Généralement, si une société a globalement un très mauvais bilan environnemental, il faut de toute façon se dire qu’il y a de très fortes probabilités pour que les gestes écologiques qu’elle met en avant ne soient que du greenwashing.

#2 : Le mensonge pur et simple

Pour arriver à leur fin, certains n’hésitent pas à pousser jusqu’au mensonge pur et simple. On se souvient, par exemple, de Monsanto qui, dans les années 90, diffusait des publicités à la télévision, décrivant le roundup comme biodégradable et non polluant.

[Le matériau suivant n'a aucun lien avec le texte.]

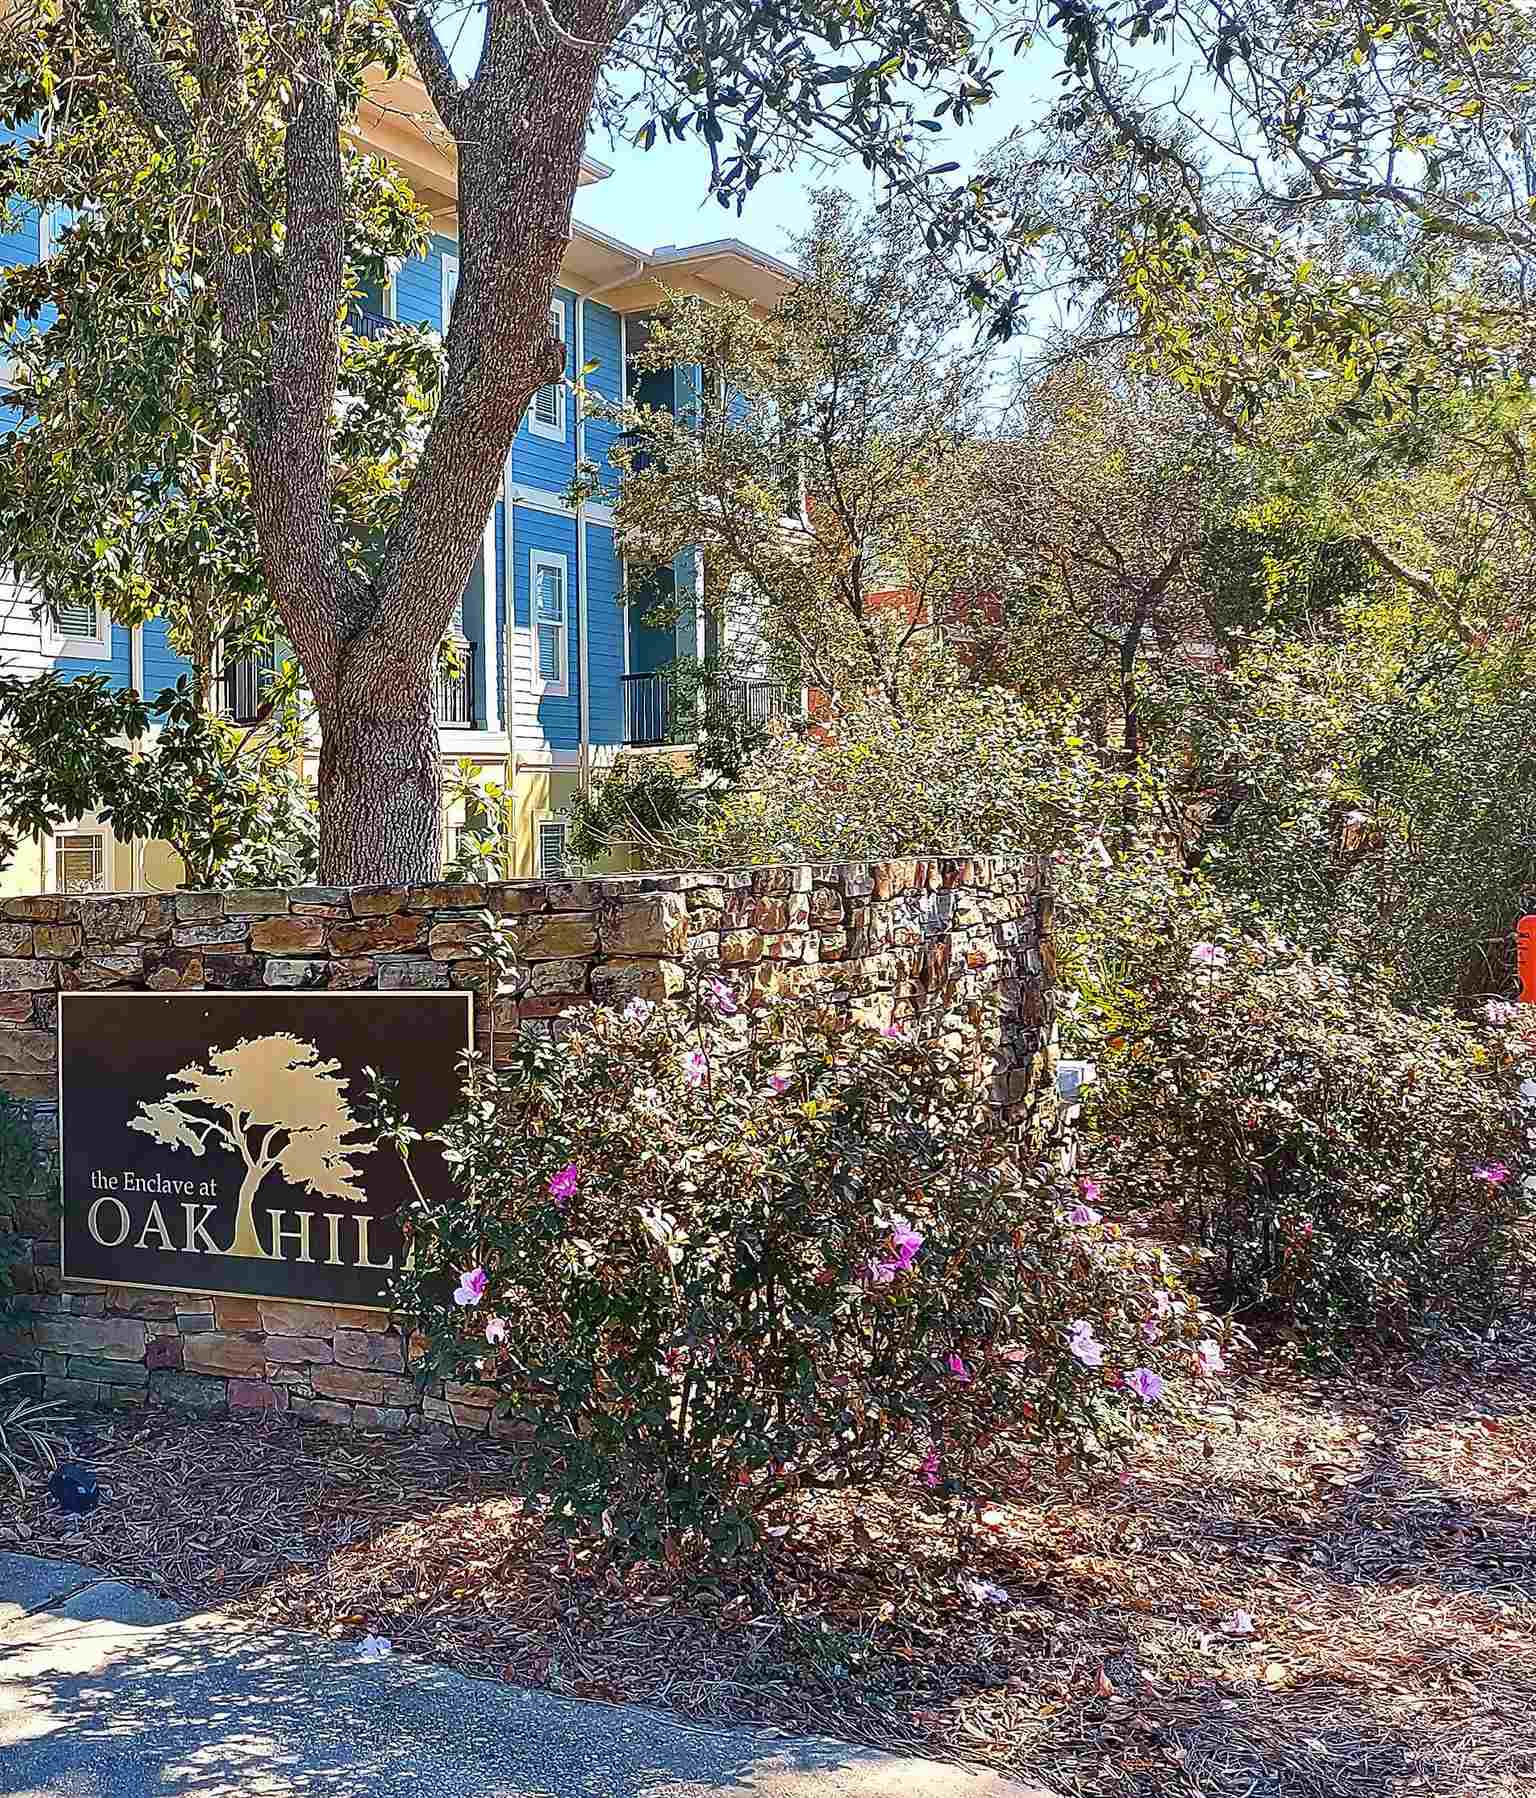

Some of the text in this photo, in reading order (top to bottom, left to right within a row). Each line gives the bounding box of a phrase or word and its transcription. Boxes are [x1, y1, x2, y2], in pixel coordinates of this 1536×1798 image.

[91, 1169, 217, 1197] the Enclave at
[87, 1196, 416, 1272] OAK HIL
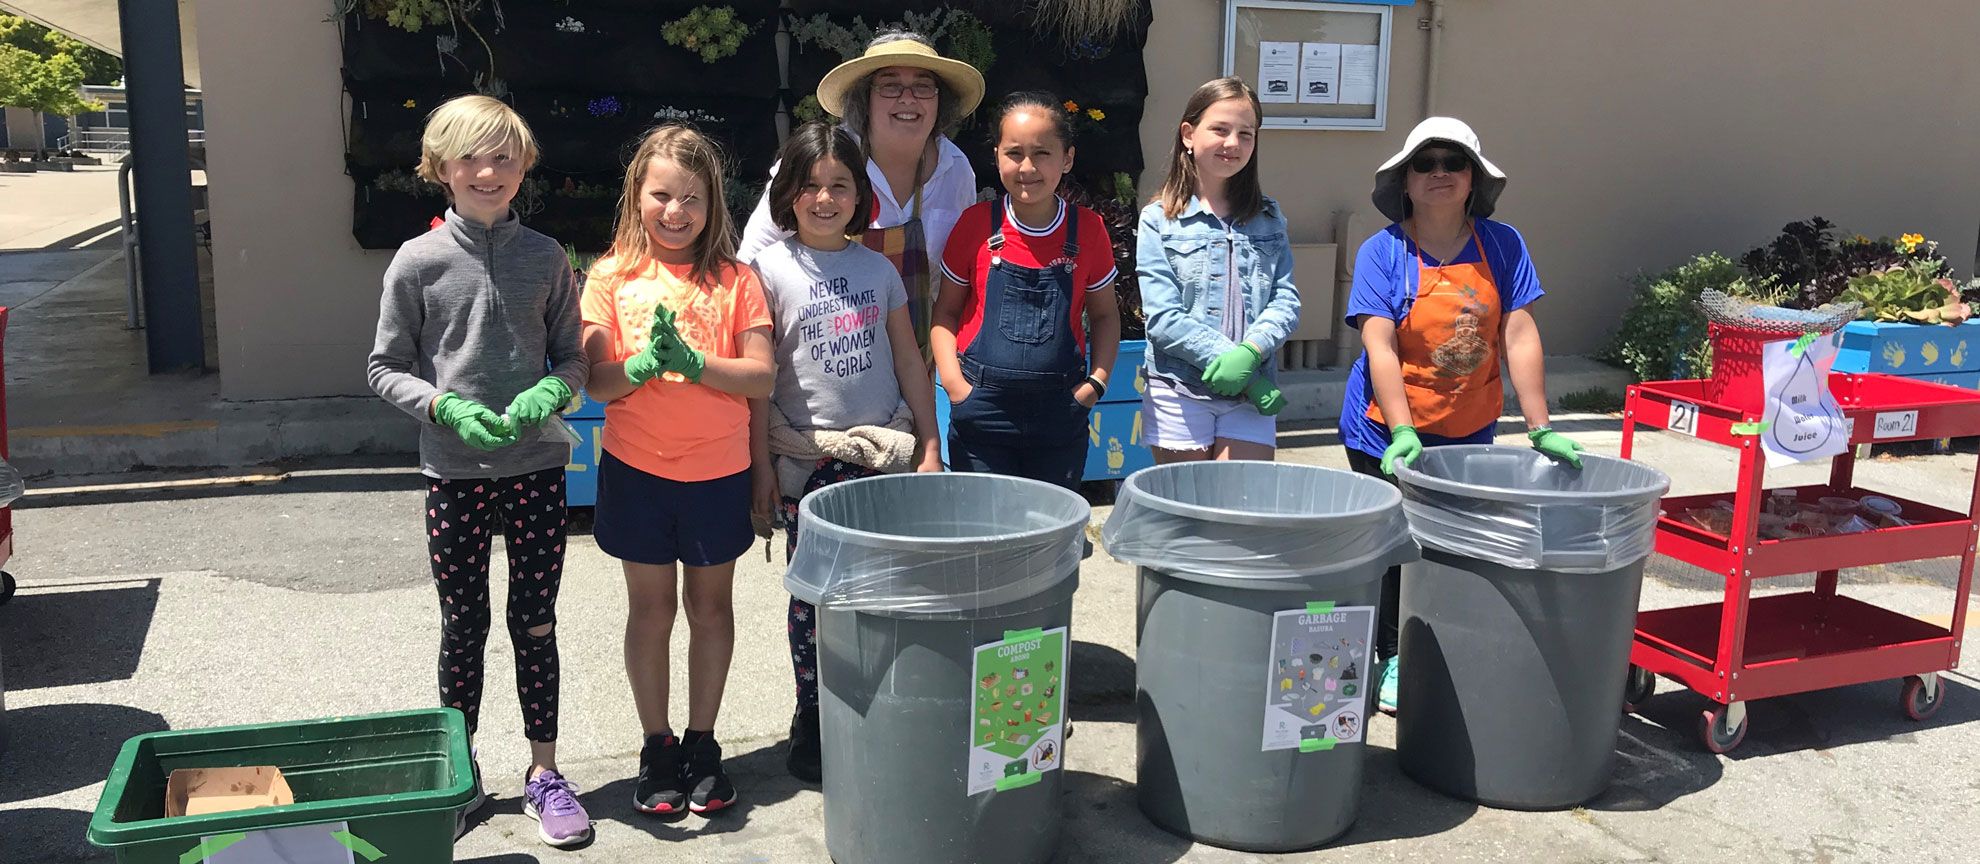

Des affirmations bien évidemment mises en cause depuis cette époque puisque le glyphosate est un cancérigène probable qui aurait des conséquences néfastes sur la faune, la flore et les sols. La firme avait d’ailleurs été condamnée pour publicité mensongère… à 15 000€ d’amende. 

En politique, mentir sur son intérêt pour l’environnement est devenu un sport international. La France est particulièrement bien lotie puisqu’elle a pour président un véritable champion dans le domaine. On se souvient ainsi qu’Emmanuel Macron avait promis d’interdire le glyphosate dès 2021, ce qui n’est toujours pas fait. Toute honte bue, le chef de l’état avait même poussé le bouchon jusqu’à affirmer qu’il « n’existe pas de lobby en France, seulement des Français et des Françaises. » Dans une lettre aux Français, lors de la dernière campagne présidentielle, il assurait également que l’hexagone avait « réduit sa dépendance aux énergies fossiles ». Dans la réalité, la France est l’unique pays de toute l’Union européenne à ne pas avoir atteint ses objectifs en matière d’énergies renouvelables.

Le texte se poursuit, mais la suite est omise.